##### Dataset records #####
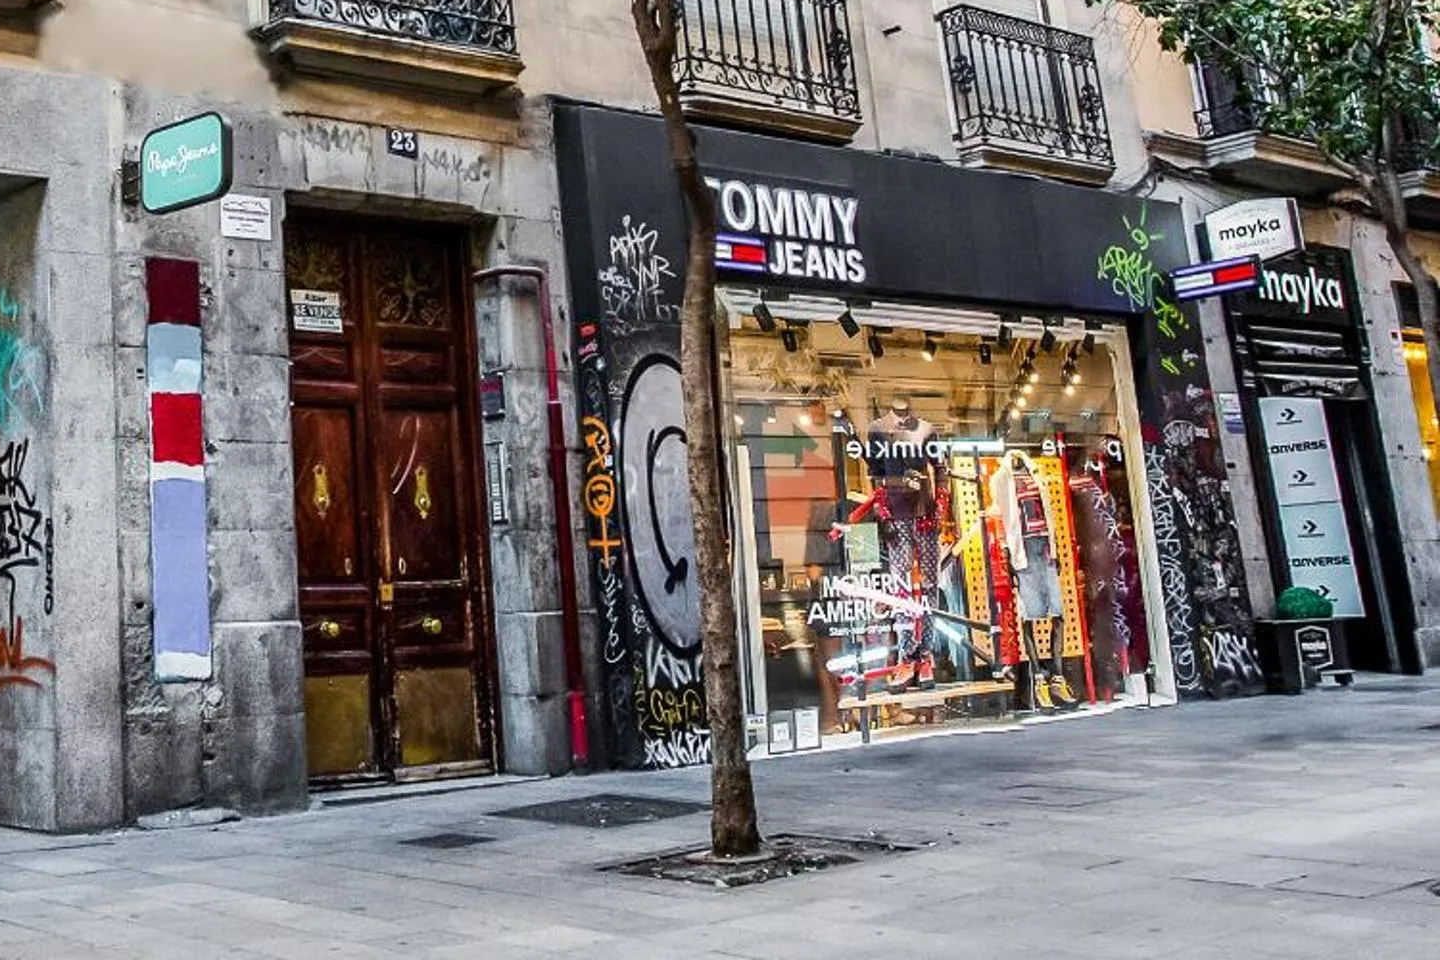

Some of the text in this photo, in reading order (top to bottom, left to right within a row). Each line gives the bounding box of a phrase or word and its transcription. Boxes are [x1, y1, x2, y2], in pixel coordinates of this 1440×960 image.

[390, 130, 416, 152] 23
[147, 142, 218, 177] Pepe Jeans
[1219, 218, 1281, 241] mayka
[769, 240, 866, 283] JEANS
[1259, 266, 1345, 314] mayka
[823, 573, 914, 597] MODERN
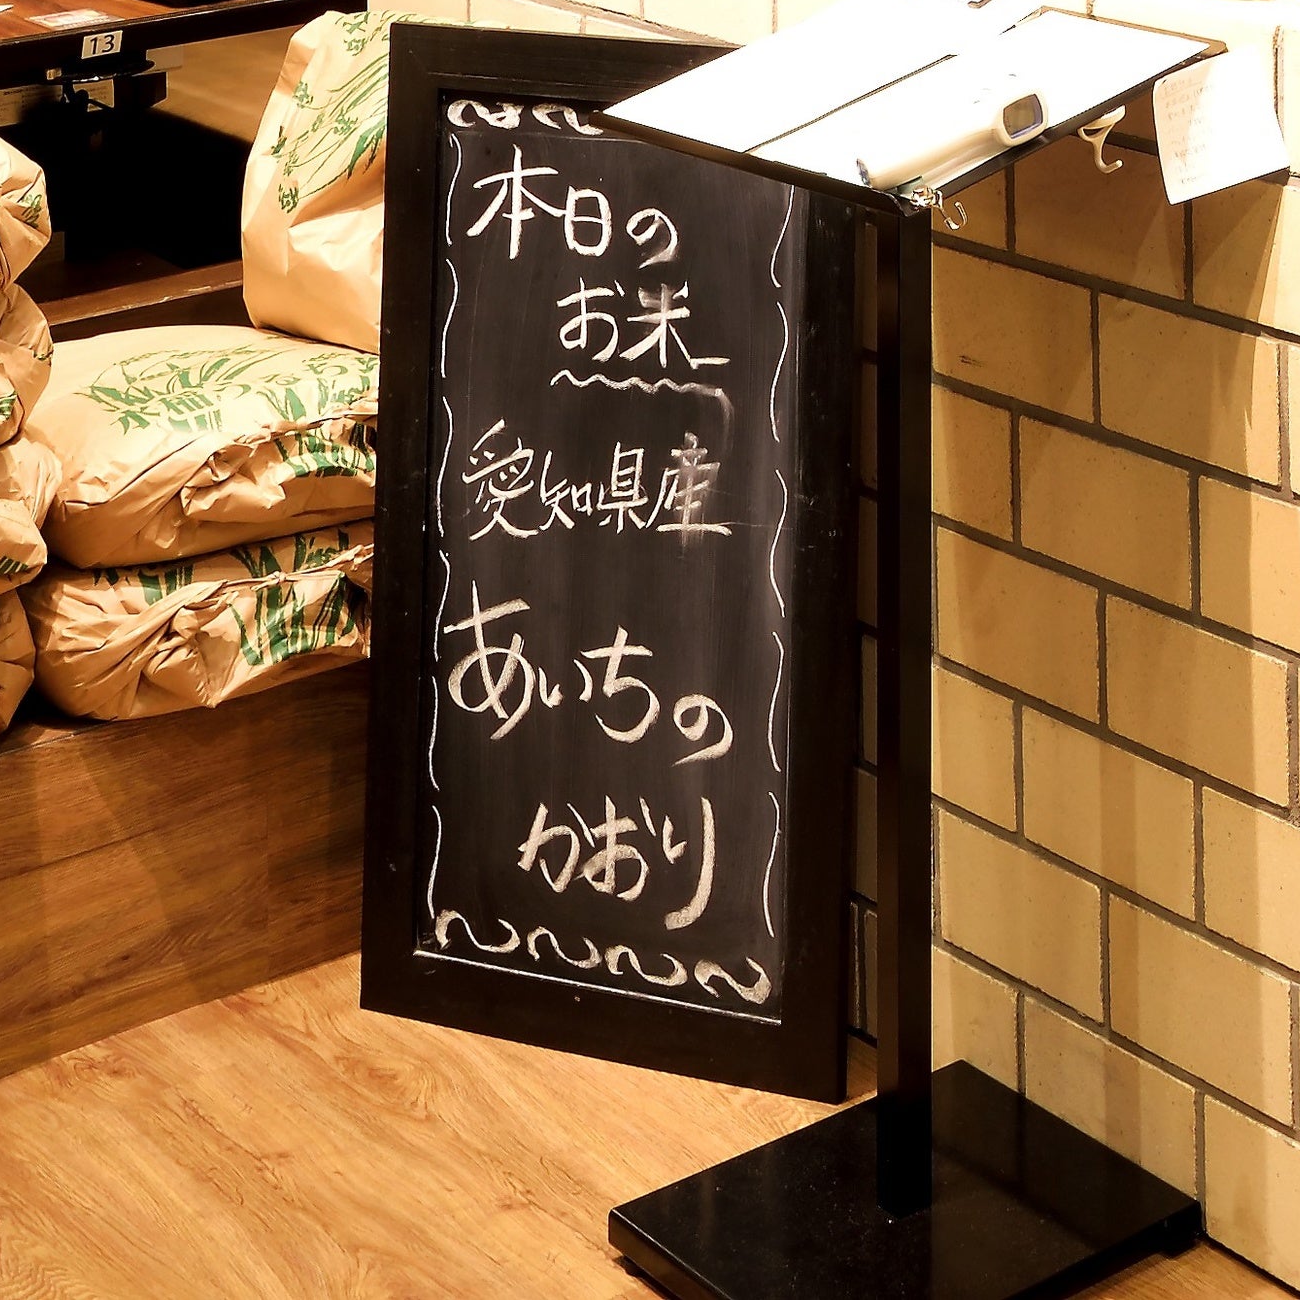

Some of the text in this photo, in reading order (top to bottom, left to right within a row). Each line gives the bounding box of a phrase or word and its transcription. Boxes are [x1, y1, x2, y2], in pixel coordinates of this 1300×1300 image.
#####
What the task requires. Output every entry above verbatim, but leave out the pictures.

Finished exercise.
Some of the text in this photo, in reading order (top to bottom, left to right within a row). Each line gives the bounding box of a phrase or word and its transcription. Boxes are [x1, y1, x2, y2], in pixel coordinates of this 1440×960 image.

[390, 130, 416, 152] 23
[147, 142, 218, 177] Pepe Jeans
[1219, 218, 1281, 241] mayka
[769, 240, 866, 283] JEANS
[1259, 266, 1345, 314] mayka
[823, 573, 914, 597] MODERN

Some of the text in this photo, in reading order (top to bottom, left to right within a row). Each line gives the bounding box of a phrase or word and its transcription. Boxes are [x1, y1, x2, y2], in pixel coordinates of this 1300×1300 image.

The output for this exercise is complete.